The Drukken, or in English, the 'Drunken Steps' in the old Eglinton Woods near Stanecastle at NS 329 404, were a favourite haunt of Burns and his friend Richard Brown whilst the two were in Irvine in 1781 – 82. A commemorative cairn off Bank Street at MacKinnon Terrace in Irvine, next to the expressway, stands several hundred yards from the site of the Drukken stepping stones across the Red Burn, also said to be the site of Saint Bryde's, Brides or Bridget's well. Until 2009 it was generally thought that the Drukken Steps had been buried beneath the road surface of the Kilwinning bypass.

In 1799 the Earl closed the road beyond the Drucken Steps to 'protect' his new policies, providing a diversion which ran via Knadgerhill.
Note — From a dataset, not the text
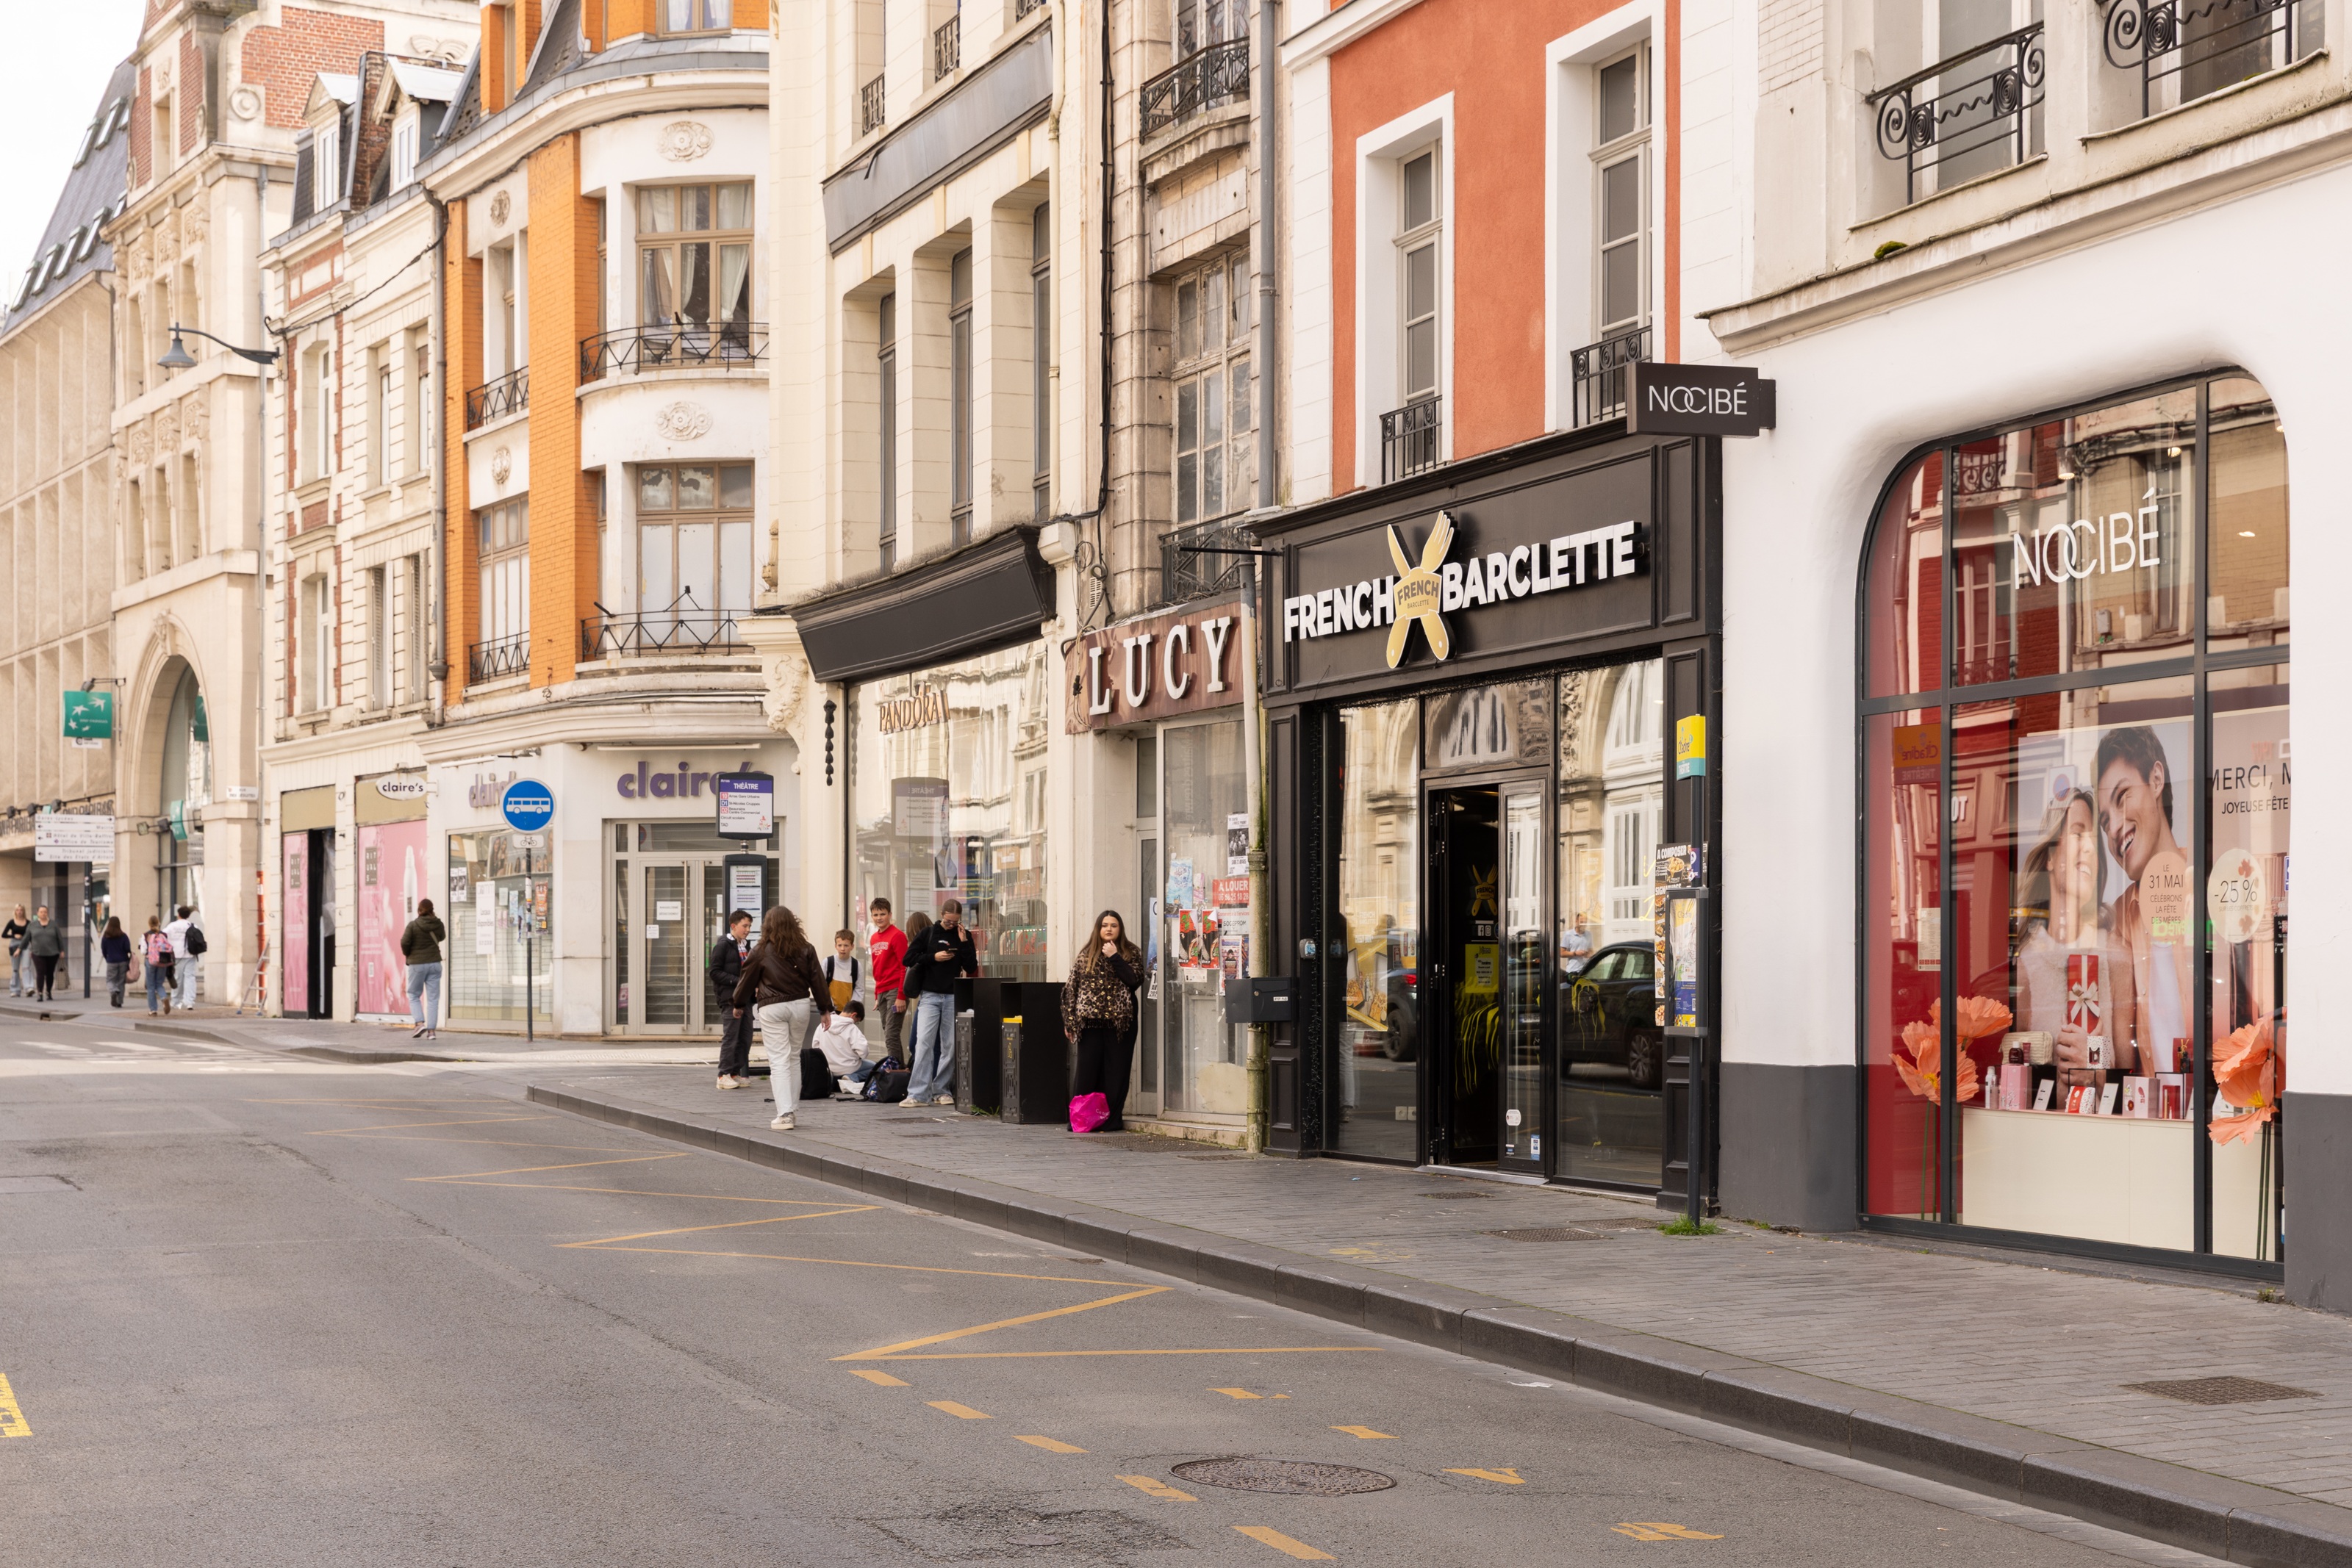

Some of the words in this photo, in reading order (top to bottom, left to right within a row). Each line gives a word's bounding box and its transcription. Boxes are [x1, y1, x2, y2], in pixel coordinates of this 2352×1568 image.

The stepping stones remained in situ without any bridge present until at least the late 1960s. The Red Burn was wider with a greater flow at that time, and the flow would have been even greater when Littlestane Loch, located near the old farm of that name, still existed.

The original plaque had been inserted in the old estate boundary wall at the site of the stepping stones, having been donated to the Irvine Burns Club by Sir Andrew R. Duncan of Irvine in 1927.

===Origin of the name===
The name 'Drukken' steps derives from a person's apparently drunken gait as they stepped from stone to stone whilst crossing the burn. Seven or more stones were originally set in the Red Burn which was much wider than now (2009). Burns himself used the Scots spelling 'Drucken' rather than 'Drukken' or 'Druken'. The Scots word 'drouk', meaning 'drench' is another possible derivation. Strawhorn refers to the site as the 'Drunken Steps' or 'Drucken Steps'.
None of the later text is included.